After trial, Aigner-Lee was also asked whether anything she heard from other witnesses generally or from Diamond specifically had any effect on her testimony. She responded in the negative, later adding, "My testimony was pretty straightforward. It was about an invoice. There is nothing that can sway what is written on a piece of paper."
Jennifer Traylor (formerly Reynolds) was the next witness. Traylor worked at an animal hospital and had known Banks-Davis since she first became a customer in 2005. Traylor recounted a transaction in the summer of 2009 when Banks-Davis brought in one of her two dogs for medical treatment. The hospital's business records showed that the bank had returned a payment check from Banks-Davis on June 18, 2009. The following day, Banks-Davis paid her veterinary bill with Turner's credit card. Banks-Davis also paid a veterinary bill with Turner's credit card in August 2009. Traylor knew that Banks-Davis used Turner's credit card for both of these payments because only Banks-Davis had ever been to the animal hospital and Turner had never been a customer in her own right.
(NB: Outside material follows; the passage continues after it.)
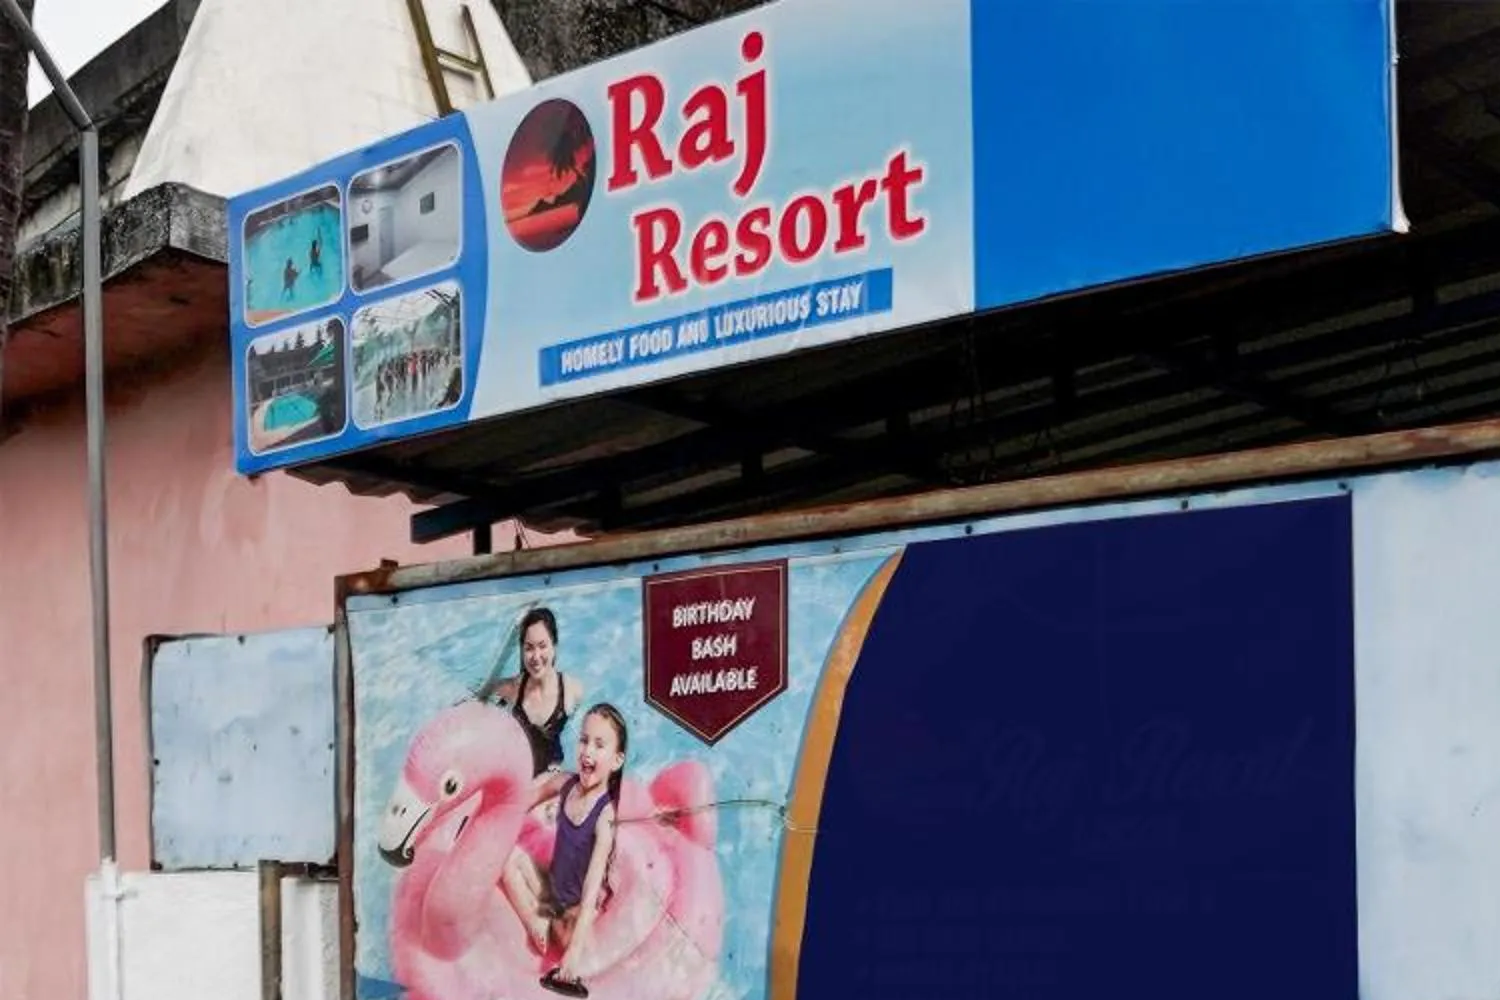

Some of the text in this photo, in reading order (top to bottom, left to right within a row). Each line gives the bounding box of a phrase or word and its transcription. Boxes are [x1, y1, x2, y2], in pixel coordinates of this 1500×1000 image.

On cross-examination, the government did not challenge whether Banks-Davis made these transactions with Turner's credit card.
When later asked whether any conversations in the witness room affected her testimony, she responded, "Uh uh, no, just, you know, everybody was nervous." She also added that what the witnesses discussed had "absolutely" no impact on her testimony.
Linda Shifflet testified after Traylor, but Shifflet was not in the waiting room and heard none of the comments made by other witnesses.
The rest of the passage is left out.